Activity interventions to improve the experience of care in hospital for people living with dementia

This review finds a small number of studies that suggest activity-based interventions implemented in hospitals may be effective in improving aspects of the care experience for people living with dementia | BMC Geriatrics
Background

An increasingly high number of patients admitted to hospital have dementia. Hospital environments can be particularly confusing and challenging for people living with dementia (Plwd) impacting their wellbeing and the ability to optimize their care. Improving the experience of care in hospital has been recognized as a priority, and non-pharmacological interventions including activity interventions have been associated with improved wellbeing and behavioral outcomes for Plwd in other settings.
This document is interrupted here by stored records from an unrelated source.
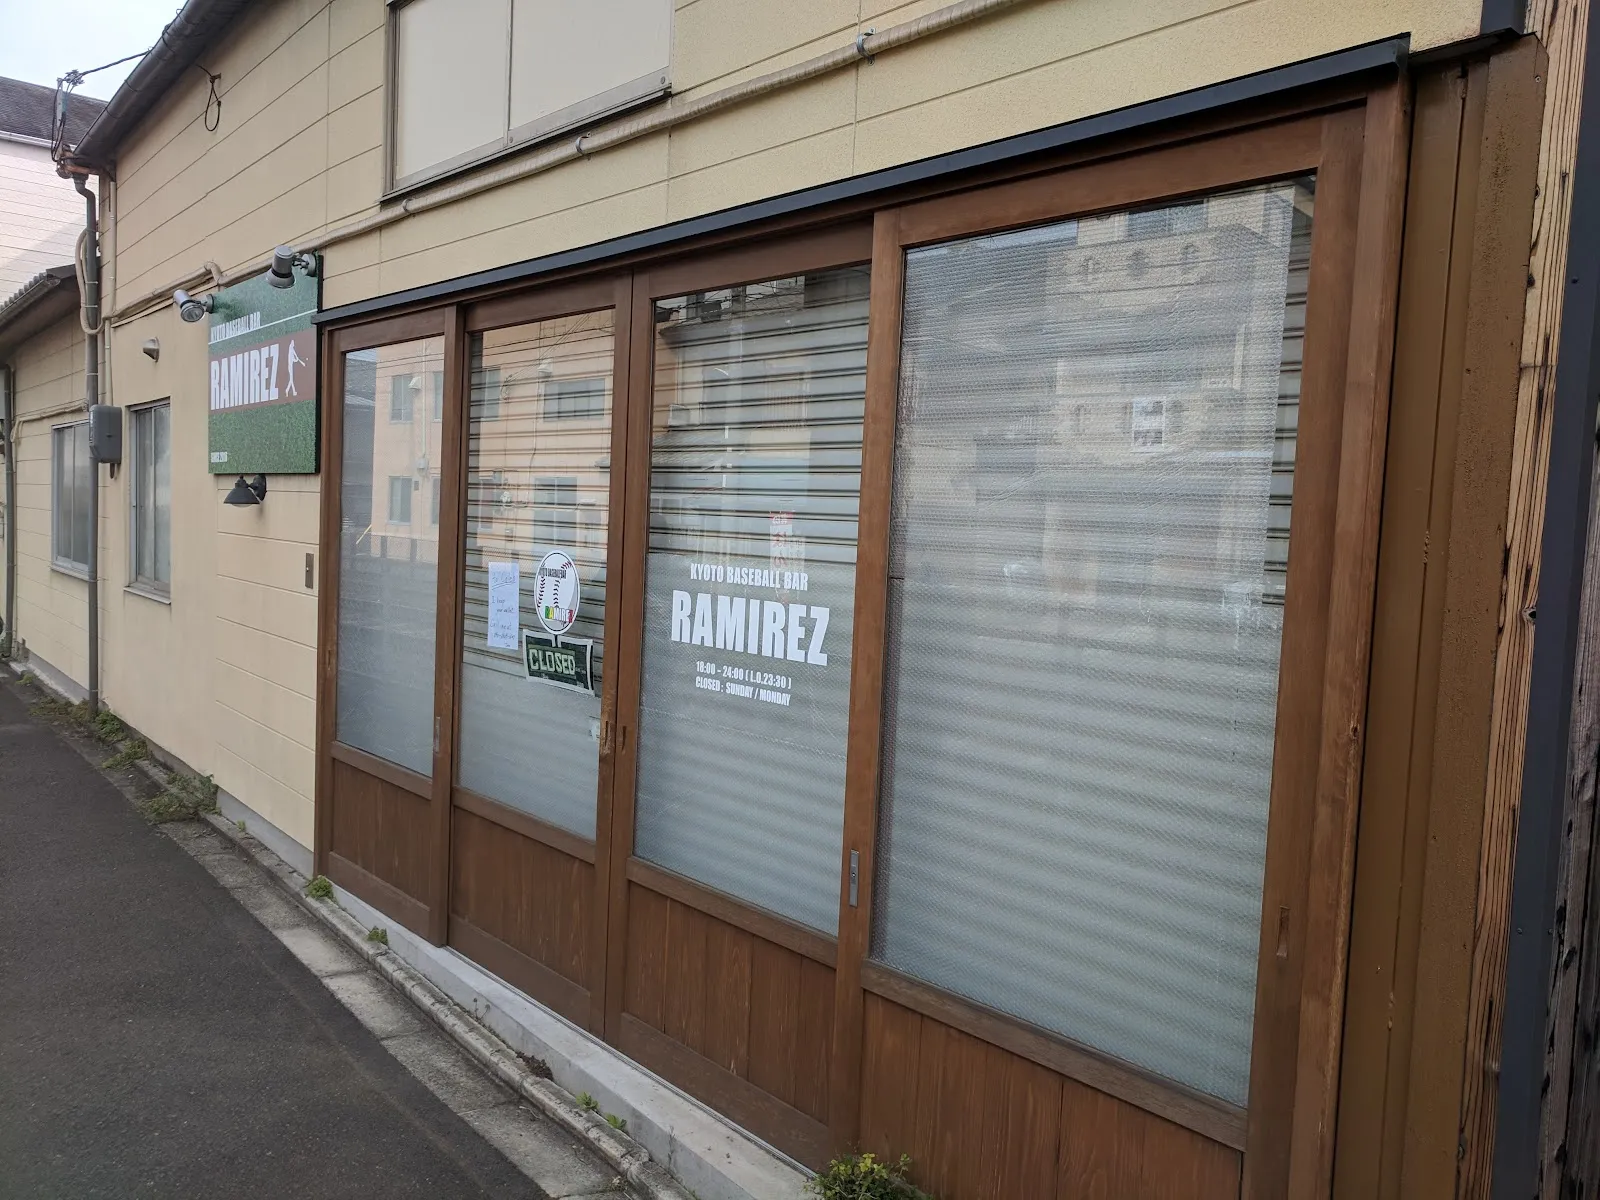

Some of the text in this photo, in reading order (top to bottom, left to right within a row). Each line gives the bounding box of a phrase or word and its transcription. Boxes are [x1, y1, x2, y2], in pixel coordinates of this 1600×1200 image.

[211, 344, 279, 410] RAMIREZ
[690, 563, 809, 591] KYOTO BASEBALL BAR
[671, 589, 830, 667] RAMIREZ
[528, 648, 576, 675] CLOSED
[696, 660, 716, 675] 18:00
[722, 665, 744, 681] 24:00
[726, 682, 754, 699] SUNDAY
[759, 688, 791, 706] MONDAY
This systematic review aimed at evaluating the effectiveness of activity interventions to improve experience of care for Plwd in hospital.

Methods

Systematic searches were conducted in 16 electronic databases up to October 2019. Reference lists of included studies and forward citation searching were also conducted. Quantitative studies reporting comparative data for activity interventions delivered to Plwd aiming to improve their experience of care in hospital were included. Screening for inclusion, data extraction and quality appraisal were performed independently by two reviewers with discrepancies resolved by discussion with a third where necessary. Standardized mean differences (SMDs) were calculated where possible to support narrative statements and aid interpretation.

Results

Six studies met the inclusion criteria (one randomized and five non-randomized uncontrolled studies) including 216 Plwd. Activity interventions evaluated music, art, social, psychotherapeutic, and combinations of tailored activities in relation to wellbeing outcomes. Although studies were generally underpowered, findings indicated beneficial effects of activity interventions with improved mood and engagement of Plwd while in hospital, and reduced levels of responsive behaviors. Calculated SMDs ranged from very small to large but were mostly statistically non-significant.

Conclusions

The small number of identified studies indicate that activity-based interventions implemented in hospitals may be effective in improving aspects of the care experience for Plwd. Larger well-conducted studies are needed to fully evaluate the potential of this type of non-pharmacological intervention to improve experience of care in hospital settings, and whether any benefits extend to staff wellbeing and the wider ward environment.

Full reference: Lourida, I., Gwernan-Jones, R., Abbott, R. et al. | Activity interventions to improve the experience of care in hospital for people living with dementia: a systematic review | BMC Geriatrics |  20, 131 (2020).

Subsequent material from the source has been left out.